• EXERCISE REQUIREMENTS
Every single line below has to be printed once more, exactly.

• DATASET EXTRACT
◇ ◇ ◇ ◇ ◇ ◇ ◇

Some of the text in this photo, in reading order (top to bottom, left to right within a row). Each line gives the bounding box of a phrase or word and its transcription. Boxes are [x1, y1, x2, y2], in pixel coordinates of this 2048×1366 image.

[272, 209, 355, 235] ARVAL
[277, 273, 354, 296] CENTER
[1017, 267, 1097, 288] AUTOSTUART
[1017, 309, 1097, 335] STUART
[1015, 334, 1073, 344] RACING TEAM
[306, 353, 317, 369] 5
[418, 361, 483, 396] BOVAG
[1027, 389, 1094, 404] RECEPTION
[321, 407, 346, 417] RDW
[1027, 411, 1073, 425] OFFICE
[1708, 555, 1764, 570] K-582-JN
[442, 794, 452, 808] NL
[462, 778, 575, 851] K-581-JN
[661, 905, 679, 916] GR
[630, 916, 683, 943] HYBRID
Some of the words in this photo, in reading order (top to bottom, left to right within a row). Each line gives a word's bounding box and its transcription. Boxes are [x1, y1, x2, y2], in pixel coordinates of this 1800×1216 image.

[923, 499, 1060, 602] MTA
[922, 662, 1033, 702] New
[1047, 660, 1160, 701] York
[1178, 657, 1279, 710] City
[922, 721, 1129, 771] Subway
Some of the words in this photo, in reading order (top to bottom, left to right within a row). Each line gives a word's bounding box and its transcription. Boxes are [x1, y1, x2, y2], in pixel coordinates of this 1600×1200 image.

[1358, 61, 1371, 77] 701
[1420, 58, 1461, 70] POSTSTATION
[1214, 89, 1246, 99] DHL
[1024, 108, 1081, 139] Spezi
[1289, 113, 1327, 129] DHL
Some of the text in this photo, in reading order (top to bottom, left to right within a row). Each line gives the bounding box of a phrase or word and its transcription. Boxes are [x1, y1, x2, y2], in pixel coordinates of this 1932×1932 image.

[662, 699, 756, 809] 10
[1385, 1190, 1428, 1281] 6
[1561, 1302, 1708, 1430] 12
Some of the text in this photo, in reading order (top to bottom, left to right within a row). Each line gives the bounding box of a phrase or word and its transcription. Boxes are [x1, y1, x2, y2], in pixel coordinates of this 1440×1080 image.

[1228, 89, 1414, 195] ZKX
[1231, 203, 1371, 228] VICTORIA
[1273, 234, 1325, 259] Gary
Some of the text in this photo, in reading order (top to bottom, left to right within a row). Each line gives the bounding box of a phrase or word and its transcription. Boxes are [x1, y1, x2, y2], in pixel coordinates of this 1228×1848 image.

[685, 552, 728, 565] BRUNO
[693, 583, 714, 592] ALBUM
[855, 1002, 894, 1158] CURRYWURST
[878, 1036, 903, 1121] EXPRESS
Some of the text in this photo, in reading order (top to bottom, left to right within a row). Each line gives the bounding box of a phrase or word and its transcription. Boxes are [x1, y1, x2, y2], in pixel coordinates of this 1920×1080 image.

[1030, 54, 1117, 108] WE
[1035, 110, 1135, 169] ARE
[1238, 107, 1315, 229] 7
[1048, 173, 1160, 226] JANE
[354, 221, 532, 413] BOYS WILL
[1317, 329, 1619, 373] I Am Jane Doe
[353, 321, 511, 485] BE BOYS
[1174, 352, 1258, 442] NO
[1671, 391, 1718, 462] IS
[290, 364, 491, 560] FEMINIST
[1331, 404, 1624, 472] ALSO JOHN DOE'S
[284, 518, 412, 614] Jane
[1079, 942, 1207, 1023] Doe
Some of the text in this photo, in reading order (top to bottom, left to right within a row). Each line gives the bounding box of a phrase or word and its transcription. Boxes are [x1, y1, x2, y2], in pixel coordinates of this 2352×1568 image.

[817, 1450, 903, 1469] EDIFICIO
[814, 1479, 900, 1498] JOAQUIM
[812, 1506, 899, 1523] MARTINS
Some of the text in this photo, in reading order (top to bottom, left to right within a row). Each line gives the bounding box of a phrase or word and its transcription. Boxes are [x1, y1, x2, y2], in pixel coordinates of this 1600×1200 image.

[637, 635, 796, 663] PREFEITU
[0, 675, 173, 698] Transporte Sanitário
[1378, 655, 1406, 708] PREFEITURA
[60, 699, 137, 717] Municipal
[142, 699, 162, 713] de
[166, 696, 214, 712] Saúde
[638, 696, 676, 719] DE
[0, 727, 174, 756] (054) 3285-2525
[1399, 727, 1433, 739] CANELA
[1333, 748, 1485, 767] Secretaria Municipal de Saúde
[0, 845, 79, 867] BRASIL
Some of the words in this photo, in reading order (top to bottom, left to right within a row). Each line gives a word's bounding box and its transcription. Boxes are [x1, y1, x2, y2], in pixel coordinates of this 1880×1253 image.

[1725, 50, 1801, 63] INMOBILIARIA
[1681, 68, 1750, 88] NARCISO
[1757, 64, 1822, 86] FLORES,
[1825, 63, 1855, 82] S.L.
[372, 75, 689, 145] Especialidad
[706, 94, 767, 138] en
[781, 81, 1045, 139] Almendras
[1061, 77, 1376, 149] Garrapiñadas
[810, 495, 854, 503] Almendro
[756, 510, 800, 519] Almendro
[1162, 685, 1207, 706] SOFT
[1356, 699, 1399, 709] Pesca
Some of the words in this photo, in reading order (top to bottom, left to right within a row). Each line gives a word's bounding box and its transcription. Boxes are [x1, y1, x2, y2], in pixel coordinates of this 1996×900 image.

◇ ◇ ◇ ◇ ◇ ◇ ◇

• THE ANSWER
Some of the text in this photo, in reading order (top to bottom, left to right within a row). Each line gives the bounding box of a phrase or word and its transcription. Boxes are [x1, y1, x2, y2], in pixel coordinates of this 2048×1366 image.

[272, 209, 355, 235] ARVAL
[277, 273, 354, 296] CENTER
[1017, 267, 1097, 288] AUTOSTUART
[1017, 309, 1097, 335] STUART
[1015, 334, 1073, 344] RACING TEAM
[306, 353, 317, 369] 5
[418, 361, 483, 396] BOVAG
[1027, 389, 1094, 404] RECEPTION
[321, 407, 346, 417] RDW
[1027, 411, 1073, 425] OFFICE
[1708, 555, 1764, 570] K-582-JN
[442, 794, 452, 808] NL
[462, 778, 575, 851] K-581-JN
[661, 905, 679, 916] GR
[630, 916, 683, 943] HYBRID
Some of the words in this photo, in reading order (top to bottom, left to right within a row). Each line gives a word's bounding box and its transcription. Boxes are [x1, y1, x2, y2], in pixel coordinates of this 1800×1216 image.

[923, 499, 1060, 602] MTA
[922, 662, 1033, 702] New
[1047, 660, 1160, 701] York
[1178, 657, 1279, 710] City
[922, 721, 1129, 771] Subway
Some of the words in this photo, in reading order (top to bottom, left to right within a row). Each line gives a word's bounding box and its transcription. Boxes are [x1, y1, x2, y2], in pixel coordinates of this 1600×1200 image.

[1358, 61, 1371, 77] 701
[1420, 58, 1461, 70] POSTSTATION
[1214, 89, 1246, 99] DHL
[1024, 108, 1081, 139] Spezi
[1289, 113, 1327, 129] DHL
Some of the text in this photo, in reading order (top to bottom, left to right within a row). Each line gives the bounding box of a phrase or word and its transcription. Boxes are [x1, y1, x2, y2], in pixel coordinates of this 1932×1932 image.

[662, 699, 756, 809] 10
[1385, 1190, 1428, 1281] 6
[1561, 1302, 1708, 1430] 12
Some of the text in this photo, in reading order (top to bottom, left to right within a row). Each line gives the bounding box of a phrase or word and its transcription. Boxes are [x1, y1, x2, y2], in pixel coordinates of this 1440×1080 image.

[1228, 89, 1414, 195] ZKX
[1231, 203, 1371, 228] VICTORIA
[1273, 234, 1325, 259] Gary
Some of the text in this photo, in reading order (top to bottom, left to right within a row). Each line gives the bounding box of a phrase or word and its transcription. Boxes are [x1, y1, x2, y2], in pixel coordinates of this 1228×1848 image.

[685, 552, 728, 565] BRUNO
[693, 583, 714, 592] ALBUM
[855, 1002, 894, 1158] CURRYWURST
[878, 1036, 903, 1121] EXPRESS
Some of the text in this photo, in reading order (top to bottom, left to right within a row). Each line gives the bounding box of a phrase or word and its transcription. Boxes are [x1, y1, x2, y2], in pixel coordinates of this 1920×1080 image.

[1030, 54, 1117, 108] WE
[1035, 110, 1135, 169] ARE
[1238, 107, 1315, 229] 7
[1048, 173, 1160, 226] JANE
[354, 221, 532, 413] BOYS WILL
[1317, 329, 1619, 373] I Am Jane Doe
[353, 321, 511, 485] BE BOYS
[1174, 352, 1258, 442] NO
[1671, 391, 1718, 462] IS
[290, 364, 491, 560] FEMINIST
[1331, 404, 1624, 472] ALSO JOHN DOE'S
[284, 518, 412, 614] Jane
[1079, 942, 1207, 1023] Doe
Some of the text in this photo, in reading order (top to bottom, left to right within a row). Each line gives the bounding box of a phrase or word and its transcription. Boxes are [x1, y1, x2, y2], in pixel coordinates of this 2352×1568 image.

[817, 1450, 903, 1469] EDIFICIO
[814, 1479, 900, 1498] JOAQUIM
[812, 1506, 899, 1523] MARTINS
Some of the text in this photo, in reading order (top to bottom, left to right within a row). Each line gives the bounding box of a phrase or word and its transcription. Boxes are [x1, y1, x2, y2], in pixel coordinates of this 1600×1200 image.

[637, 635, 796, 663] PREFEITU
[0, 675, 173, 698] Transporte Sanitário
[1378, 655, 1406, 708] PREFEITURA
[60, 699, 137, 717] Municipal
[142, 699, 162, 713] de
[166, 696, 214, 712] Saúde
[638, 696, 676, 719] DE
[0, 727, 174, 756] (054) 3285-2525
[1399, 727, 1433, 739] CANELA
[1333, 748, 1485, 767] Secretaria Municipal de Saúde
[0, 845, 79, 867] BRASIL
Some of the words in this photo, in reading order (top to bottom, left to right within a row). Each line gives a word's bounding box and its transcription. Boxes are [x1, y1, x2, y2], in pixel coordinates of this 1880×1253 image.

[1725, 50, 1801, 63] INMOBILIARIA
[1681, 68, 1750, 88] NARCISO
[1757, 64, 1822, 86] FLORES,
[1825, 63, 1855, 82] S.L.
[372, 75, 689, 145] Especialidad
[706, 94, 767, 138] en
[781, 81, 1045, 139] Almendras
[1061, 77, 1376, 149] Garrapiñadas
[810, 495, 854, 503] Almendro
[756, 510, 800, 519] Almendro
[1162, 685, 1207, 706] SOFT
[1356, 699, 1399, 709] Pesca
Some of the words in this photo, in reading order (top to bottom, left to right within a row). Each line gives a word's bounding box and its transcription. Boxes are [x1, y1, x2, y2], in pixel coordinates of this 1996×900 image.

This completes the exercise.